Kamis 04 Jul 2019 04:50 WIB

PBB: Serangan kepada Migran Libya Bisa Jadi Kejahatan Perang

Serangan tersebut menewaskan lebih dari 44 migran.

Rep: Farah Noersativa/ Red: Ani Nursalikah
Pusat penahanan migran di Tajoura, di timur Tripoli, Libya hancur karena serangan udara, Rabu (3/7).
Foto: AP Photo/Hazem Ahmed
Pusat penahanan migran di Tajoura, di timur Tripoli, Libya hancur karena serangan udara, Rabu (3/7).

REPUBLIKA.CO.ID, TAJOURA -- Komisaris Tinggi PBB untuk Hak Asasi Manusia, Michelle Bachelet mengatakan serangan di Pusat Penahanan Migran Tajoura di luar ibu kota Libya bisa menjadi sebuah kejahatan perang. Serangan tersebut menewaskan lebih dari 44 migran, Selasa (4/7) waktu setempat.

Dilansir di laman BBC, Kamis (4/7), sebanyak 130 orang mengalami luka-luka. Pemerintah Libya pun menuding serangan itu merupakan serangan udara oleh pasukan yang setia kepada panglima perang, Jenderal Khalifa Haftar. Sementara, pasukan Jenderal Haftar menuduh pemerintah yang menembaki pusat tersebut.

Baca Juga

Sebagian besar yang meninggal dunia diyakini adalah orang-orang Afrika sub-Sahara yang berusaha mencapai Eropa dari Libya. Ribuan migran ditahan di pusat-pusat penahanan yang dikelola pemerintah di Libya.

Bachelet mengatakan informasi bahwa lokasi itu juga menampung warga sipil telah diberikan kepada semua pihak yang terlibat dalam konflik Libya itu.  "Serangan ini mungkin, tergantung pada keadaan yang tepat, merupakan kejahatan perang," katanya.

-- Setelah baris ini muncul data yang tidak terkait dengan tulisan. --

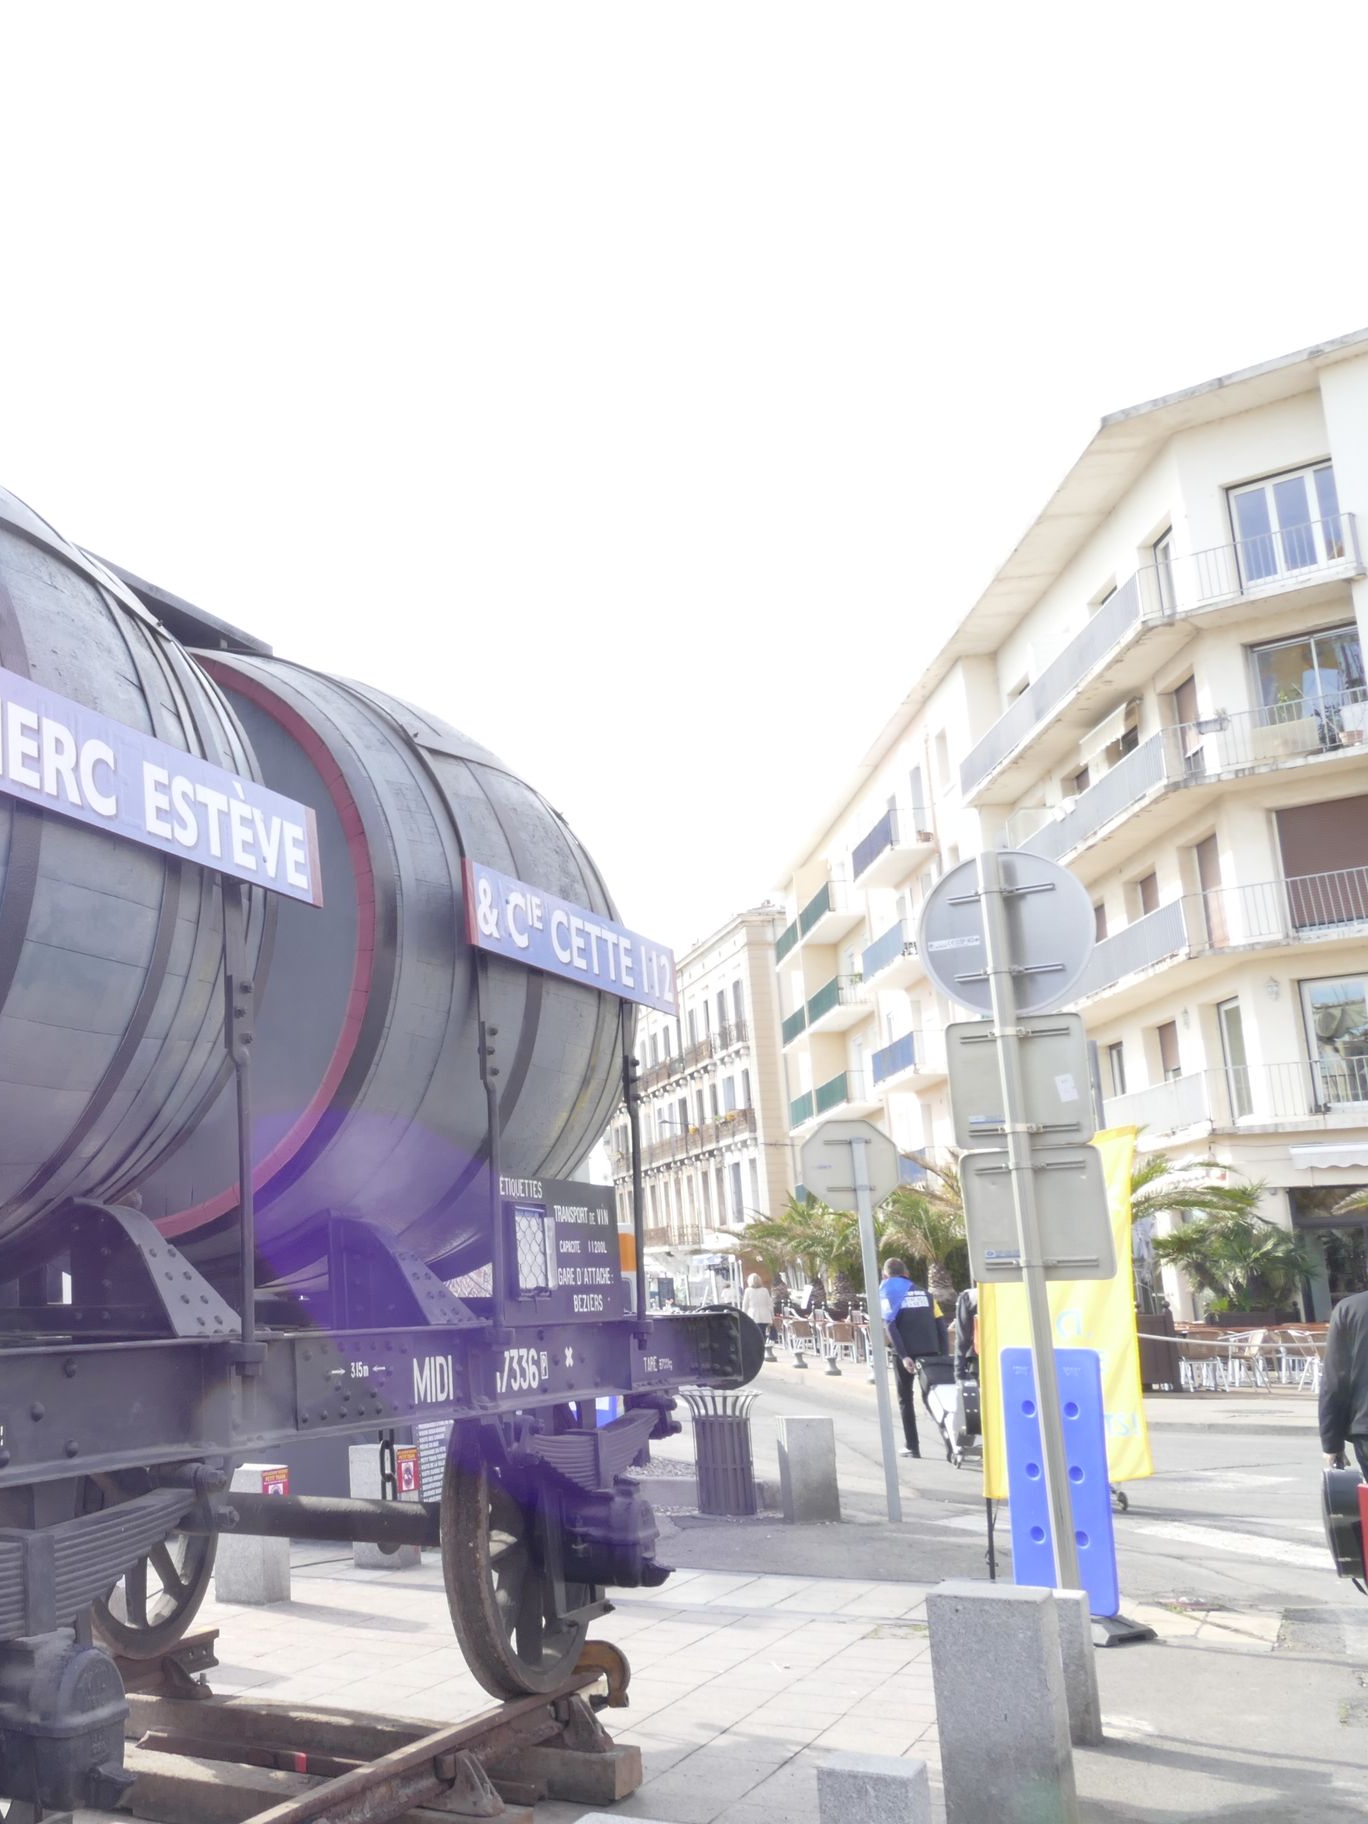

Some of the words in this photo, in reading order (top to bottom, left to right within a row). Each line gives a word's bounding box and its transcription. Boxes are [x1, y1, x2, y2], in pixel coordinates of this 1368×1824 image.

Dia menambahkan, momentum itu merupakan kali kedua tempat penampungan migran itu diserang. Secara terpisah, Dewan Keamanan PBB telah mengubah agendanya dan membahas situasi di Libya secara tertutup pada Rabu (3/7) waktu setempat. Libya mengalami kehancuran dan perpecahan sejak penguasa lama Muammar Gaddafi digulingkan dan dibunuh pada 2011.

Sebuah hanggar di Pusat Penahanan Tajoura yang menampung 600 migran, dilaporkan terkena dampak langsung. Anggota kelompok dialog politik yang didukung PBB, Guma El-Gamaty kepada BBC mengatakan korban yang terlibat pun termasuk perempuan dan anak-anak, demikian kata .

Seorang pejabat di kementerian kesehatan Libya, Dokter Khalid Bin Attia, menggambarkan serangan tersebut sebuah pembantaian. "Orang-orang ada di mana-mana, kamp dihancurkan, orang-orang menangis di sini, ada trauma psikologis, listrik terputus,” kata dia.

Dia mengklaim tidak bisa melihat daerah yang diserang itu dengan sangat jelas. Akan tetapi, ketika ambulans datang, dokter itu sempat melihat keadaannya dan mengungkapkan keadaannya sangat mengerikan dengan darah ada di mana-mana.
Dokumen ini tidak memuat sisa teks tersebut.